On April 19, 2022, a California court of appeal ruled against the defendant in a class action lawsuit filed against an employer for allegedly “willfully” violating the Fair Credit Reporting Act (FCRA) requirement that employers provide job applicants with a “clear and conspicuous disclosure” in a stand-alone document when obtaining authorization for background checks.
The plaintiff, who applied to work for the defendant in 2018, filed a putative class action lawsuit against the defendant, an American bookseller with the most retail outlets in the United States, after the defendant’s consumer reporting agency (CRA) emailed the plaintiff a link to a consumer report disclosure that requested her authorization to procure a background check.
Employers may violate the FCRA by providing job applicants with a disclosure that contains extraneous language unrelated to background checks. In this case, the defendant employer inadvertently used an updated disclosure obtained from its CRA that was provided as a sample and included a footnote meant for the employer to read, not any job applicants. The footnote read:
Please note: Nothing contained herein should be construed as legal advice or guidance. Employers should consult their own counsel about their compliance responsibilities under the FCRA and applicable state law. [CRA] expressly disclaims any warranties or responsibility or damages associated with or arising out of information provided herein.
Even though the employer inadvertently provided the sample disclosure to job applicants without first deleting the footnote, the class action lawsuit filed by the job applicant claimed the footnote was impermissible extraneous information and that the defendant failed to provide a stand-alone disclosure as required under FCRA section § 1681b(b)(2)(A)(i).
The employer filed a motion for summary judgment, arguing that no reasonable jury could find its alleged FCRA violation was willful and asserted it included the extraneous information in its disclosure due to an inadvertent drafting error. A trial court agreed and granted the company’s motion for summary judgment and entered judgment in the company’s favor.
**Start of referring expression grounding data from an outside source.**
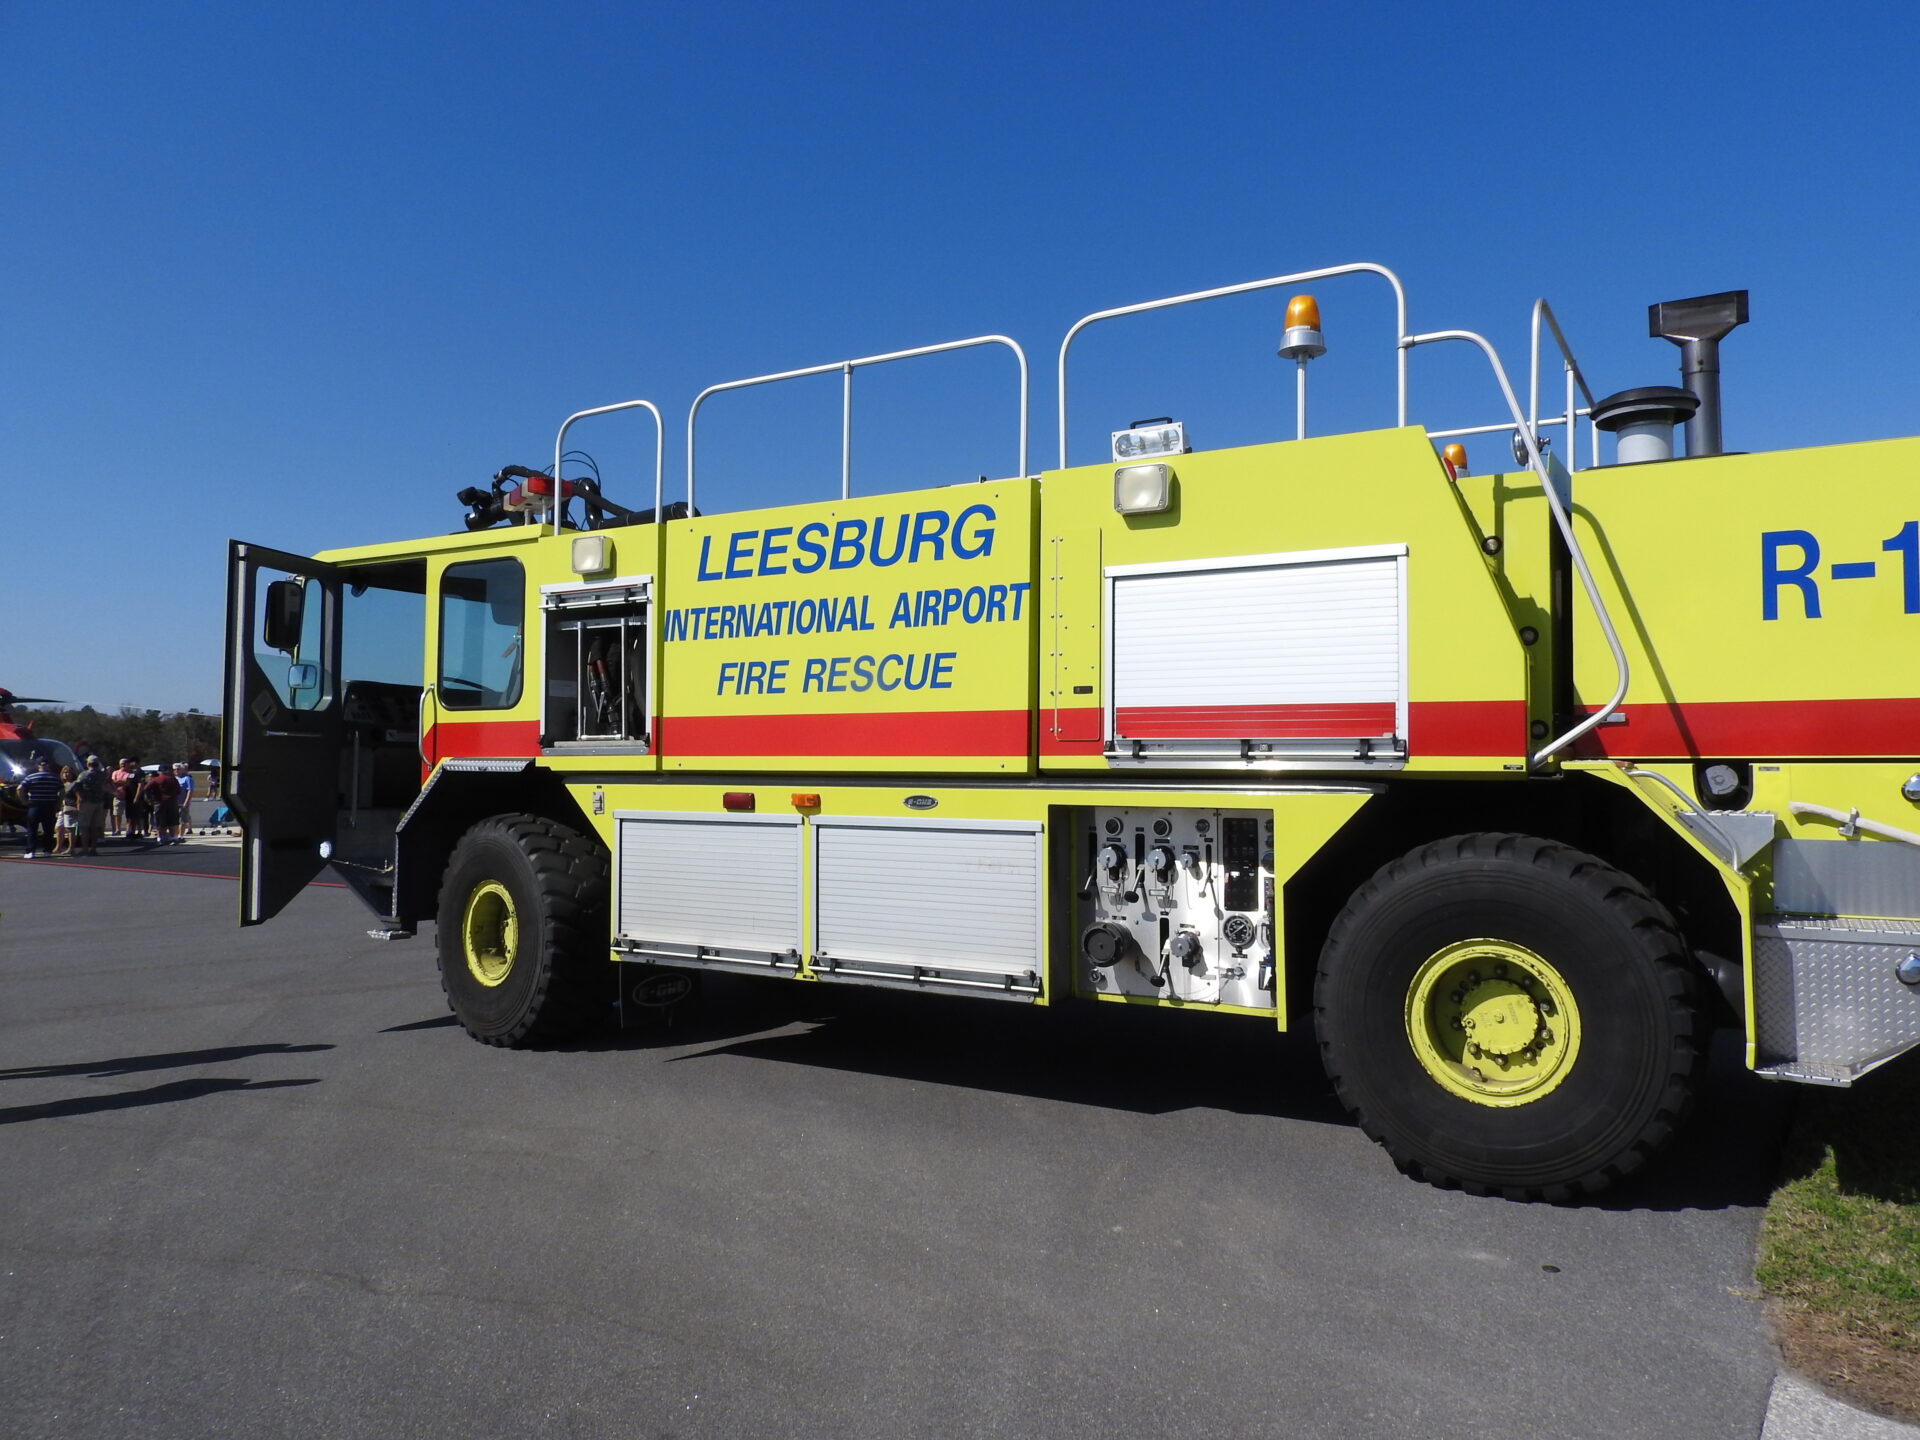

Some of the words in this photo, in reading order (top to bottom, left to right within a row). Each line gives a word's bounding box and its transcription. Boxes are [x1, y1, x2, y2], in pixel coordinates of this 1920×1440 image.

[697, 504, 996, 582] LEESBURG
[1762, 520, 1920, 620] R-1
[664, 595, 874, 642] INTERNATIONAL
[889, 582, 1031, 629] AIRPORT
[718, 660, 789, 695] FIRE
[803, 652, 957, 693] RESCUE
However, unlike the trial court, the California court of appeal reversed summary judgment for the employer and concluded that a reasonable jury could find that defendant’s alleged FCRA violation was willful because it violated an unambiguous provision of the FCRA, the “clear and conspicuous disclosure” in a stand-alone document when obtaining authorization.
“At least one of the company’s employees was aware of the extraneous information in the disclosure before the disclosure was displayed to job applicants, the company may not have adequately trained its employees on FCRA compliance, and/or the company may not have had a monitoring system in place to ensure its disclosure complied with the FCRA,” the court found.
“Because a reasonable jury could find that (the defendant’s) alleged FCRA violation was willful, we reverse the judgment and remand the matter with directions that the trial court vacate its order granting the motion for summary judgment and enter a new order denying the motion for summary judgment,” the court of appeal concluded in its ruling.
The Fair Credit Reporting Act (FCRA), 15 U.S.C. § 1681 et seq is U.S. Federal Government legislation enacted to promote the accuracy, fairness, and privacy of consumer information contained in the files of CRAs and was intended to shield consumers from the willful and/or negligent inclusion of erroneous data in their consumer/credit reports.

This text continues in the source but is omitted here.